------ Records shown

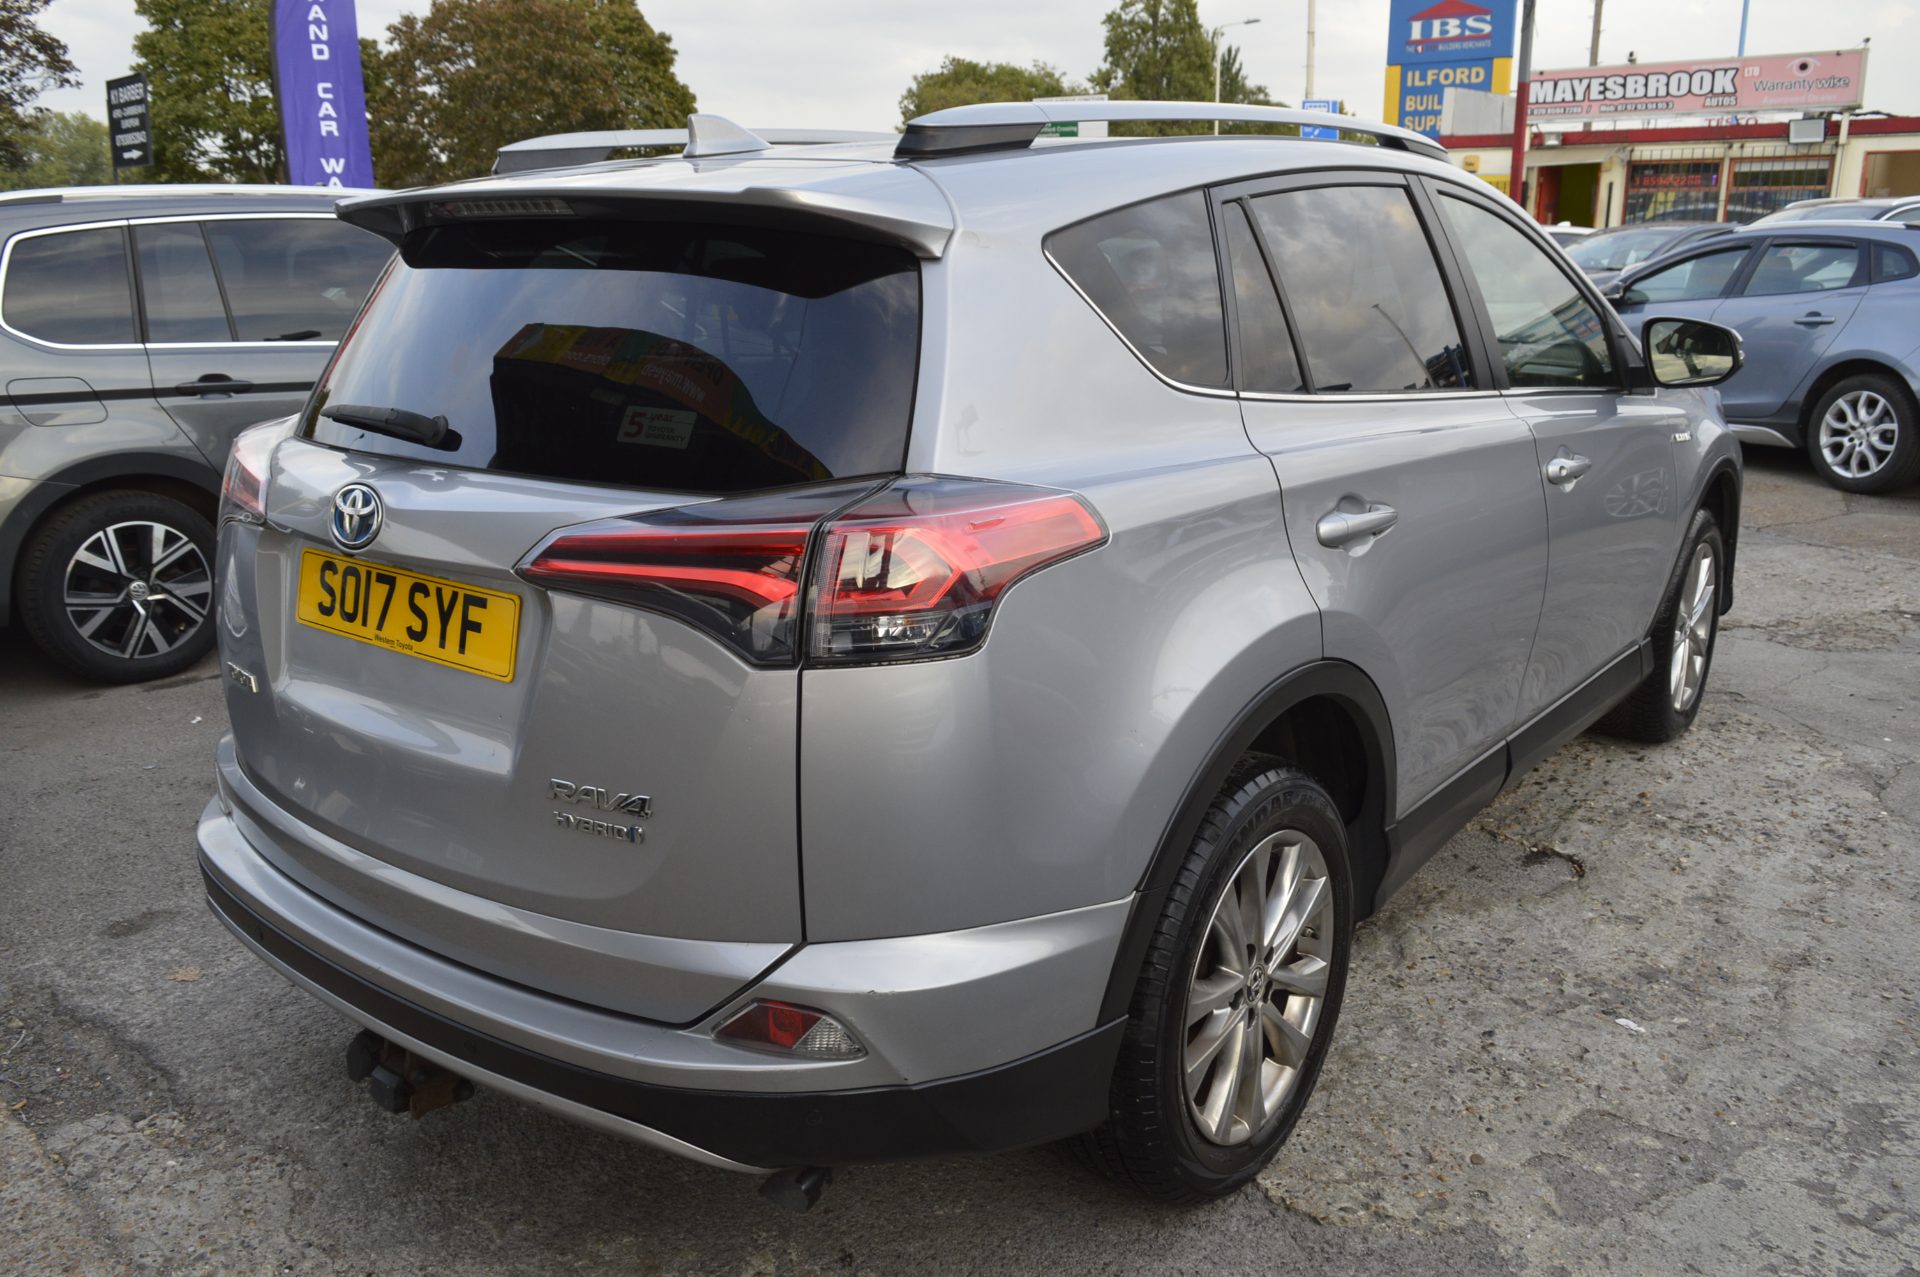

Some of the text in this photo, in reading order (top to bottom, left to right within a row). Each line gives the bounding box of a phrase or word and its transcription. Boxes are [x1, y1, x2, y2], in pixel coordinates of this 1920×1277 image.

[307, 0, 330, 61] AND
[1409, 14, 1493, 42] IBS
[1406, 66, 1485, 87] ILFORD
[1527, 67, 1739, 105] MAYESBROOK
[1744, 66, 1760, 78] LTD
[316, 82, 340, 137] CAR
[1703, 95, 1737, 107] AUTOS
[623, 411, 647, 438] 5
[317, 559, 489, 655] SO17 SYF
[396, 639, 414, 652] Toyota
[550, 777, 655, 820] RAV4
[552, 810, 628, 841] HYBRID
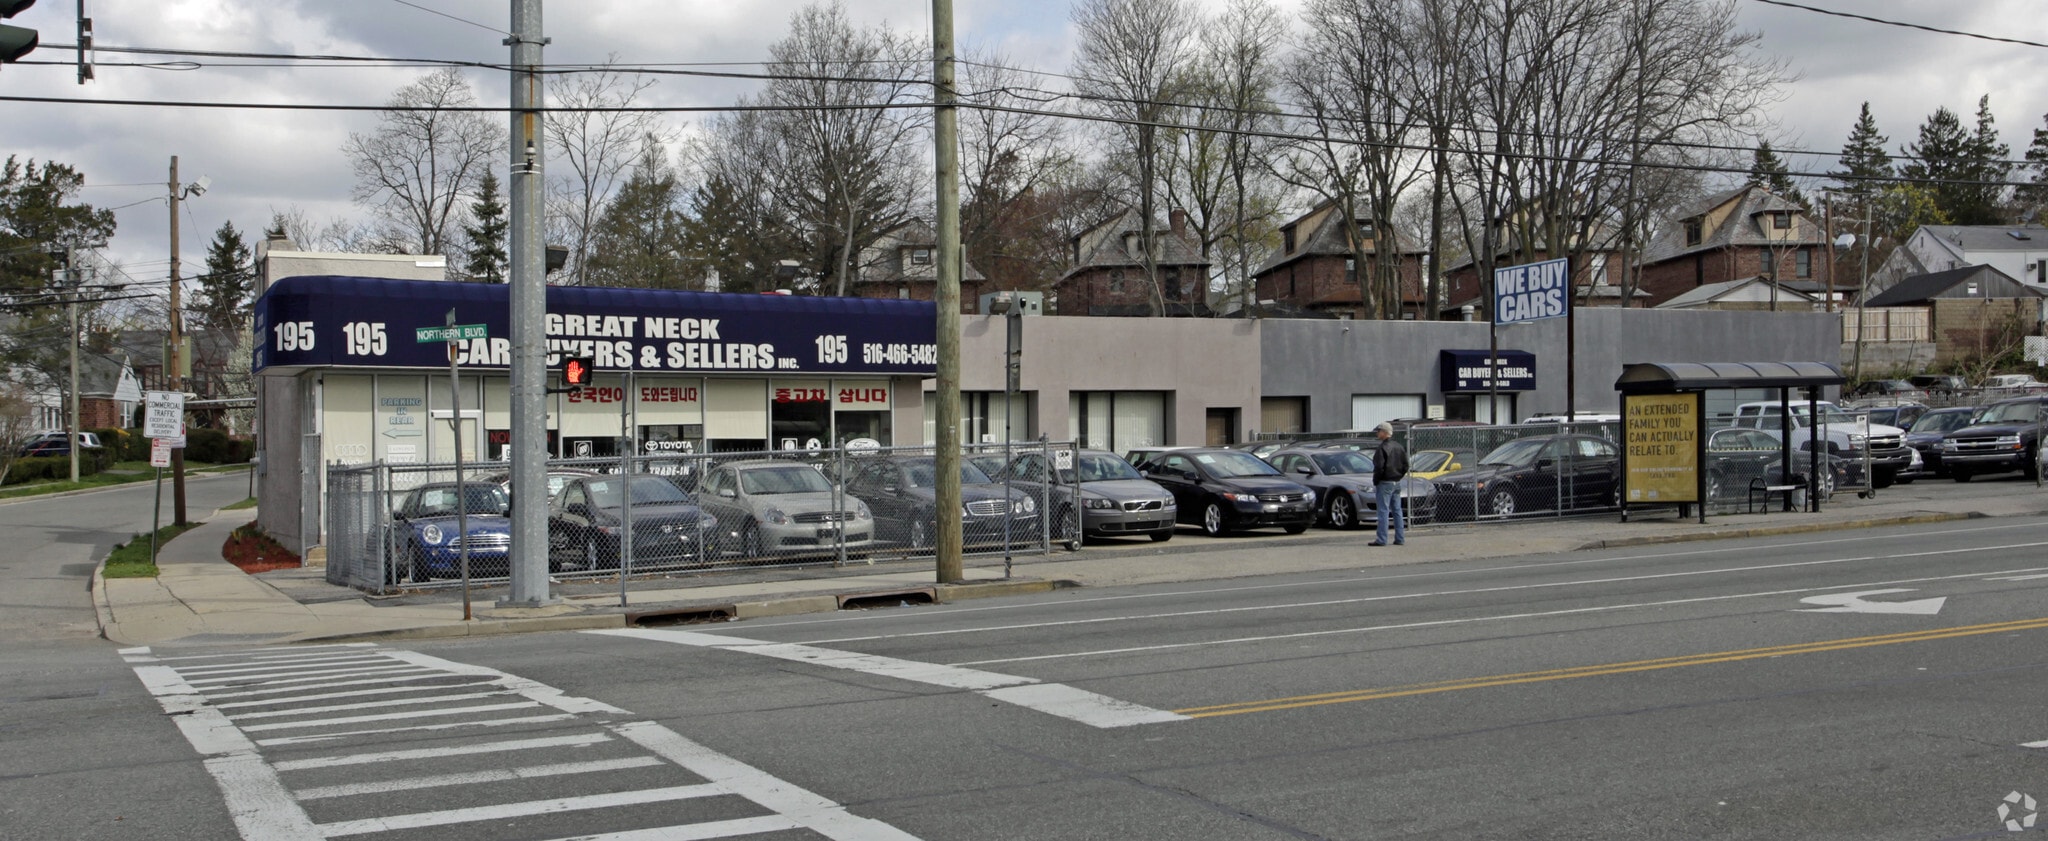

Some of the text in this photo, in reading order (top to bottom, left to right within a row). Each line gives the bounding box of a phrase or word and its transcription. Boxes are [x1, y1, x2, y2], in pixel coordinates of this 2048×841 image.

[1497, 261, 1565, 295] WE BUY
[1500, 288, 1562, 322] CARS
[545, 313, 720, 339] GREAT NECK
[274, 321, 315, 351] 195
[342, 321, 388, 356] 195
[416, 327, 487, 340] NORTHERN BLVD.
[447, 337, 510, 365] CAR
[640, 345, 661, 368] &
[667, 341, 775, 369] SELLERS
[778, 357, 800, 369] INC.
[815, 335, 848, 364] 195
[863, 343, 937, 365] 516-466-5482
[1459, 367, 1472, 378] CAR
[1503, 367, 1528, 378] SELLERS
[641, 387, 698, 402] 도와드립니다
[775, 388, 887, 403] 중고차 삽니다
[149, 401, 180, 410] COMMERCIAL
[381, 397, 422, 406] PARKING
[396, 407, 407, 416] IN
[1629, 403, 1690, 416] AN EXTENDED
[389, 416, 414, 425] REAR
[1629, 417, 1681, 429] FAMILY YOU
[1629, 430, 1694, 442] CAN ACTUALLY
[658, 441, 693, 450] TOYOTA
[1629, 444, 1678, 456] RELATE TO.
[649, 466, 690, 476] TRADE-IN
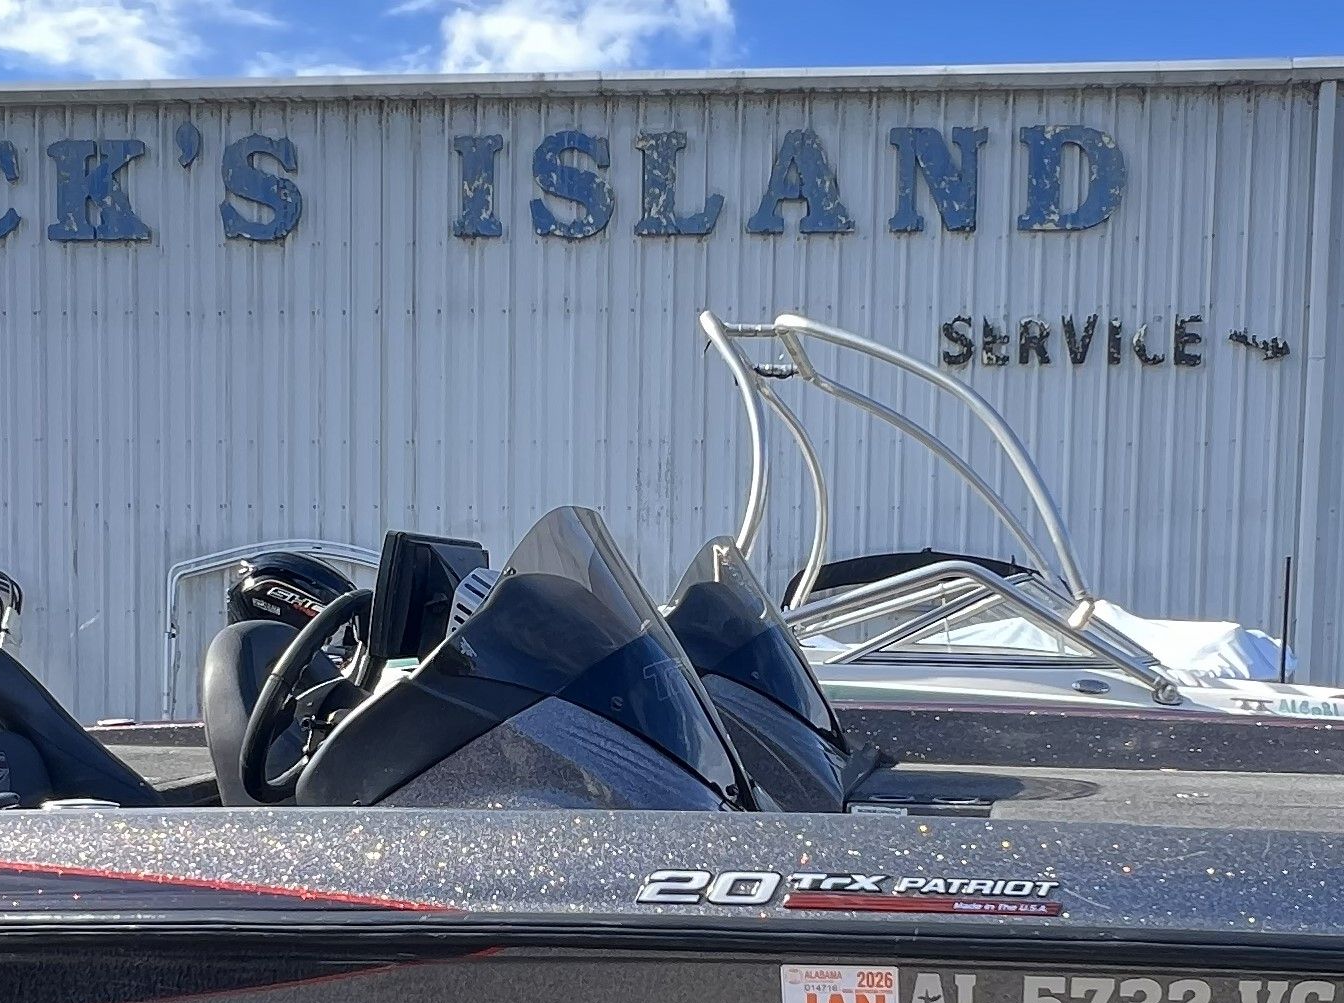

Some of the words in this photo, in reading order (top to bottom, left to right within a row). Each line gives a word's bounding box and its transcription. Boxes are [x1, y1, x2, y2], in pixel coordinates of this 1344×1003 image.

------------

→ Problem requirements
Copy the data word for word and omit every picture.

→ Written reply
Some of the text in this photo, in reading order (top to bottom, left to right within a row). Each line gives the bounding box of a phrase or word and its transcription. Boxes are [x1, y1, x2, y2], in pixel coordinates of this 1920×1277 image.

[307, 0, 330, 61] AND
[1409, 14, 1493, 42] IBS
[1406, 66, 1485, 87] ILFORD
[1527, 67, 1739, 105] MAYESBROOK
[1744, 66, 1760, 78] LTD
[316, 82, 340, 137] CAR
[1703, 95, 1737, 107] AUTOS
[623, 411, 647, 438] 5
[317, 559, 489, 655] SO17 SYF
[396, 639, 414, 652] Toyota
[550, 777, 655, 820] RAV4
[552, 810, 628, 841] HYBRID

Some of the text in this photo, in reading order (top to bottom, left to right within a row). Each line gives the bounding box of a phrase or word and its transcription. Boxes are [x1, y1, x2, y2], in pixel coordinates of this 2048×841 image.

[1497, 261, 1565, 295] WE BUY
[1500, 288, 1562, 322] CARS
[545, 313, 720, 339] GREAT NECK
[274, 321, 315, 351] 195
[342, 321, 388, 356] 195
[416, 327, 487, 340] NORTHERN BLVD.
[447, 337, 510, 365] CAR
[640, 345, 661, 368] &
[667, 341, 775, 369] SELLERS
[778, 357, 800, 369] INC.
[815, 335, 848, 364] 195
[863, 343, 937, 365] 516-466-5482
[1459, 367, 1472, 378] CAR
[1503, 367, 1528, 378] SELLERS
[641, 387, 698, 402] 도와드립니다
[775, 388, 887, 403] 중고차 삽니다
[149, 401, 180, 410] COMMERCIAL
[381, 397, 422, 406] PARKING
[396, 407, 407, 416] IN
[1629, 403, 1690, 416] AN EXTENDED
[389, 416, 414, 425] REAR
[1629, 417, 1681, 429] FAMILY YOU
[1629, 430, 1694, 442] CAN ACTUALLY
[658, 441, 693, 450] TOYOTA
[1629, 444, 1678, 456] RELATE TO.
[649, 466, 690, 476] TRADE-IN

Some of the words in this photo, in reading order (top to bottom, left to right within a row). Each line gives a word's bounding box and its transcription. Boxes are [x1, y1, x2, y2], in pixel coordinates of this 1344×1003 image.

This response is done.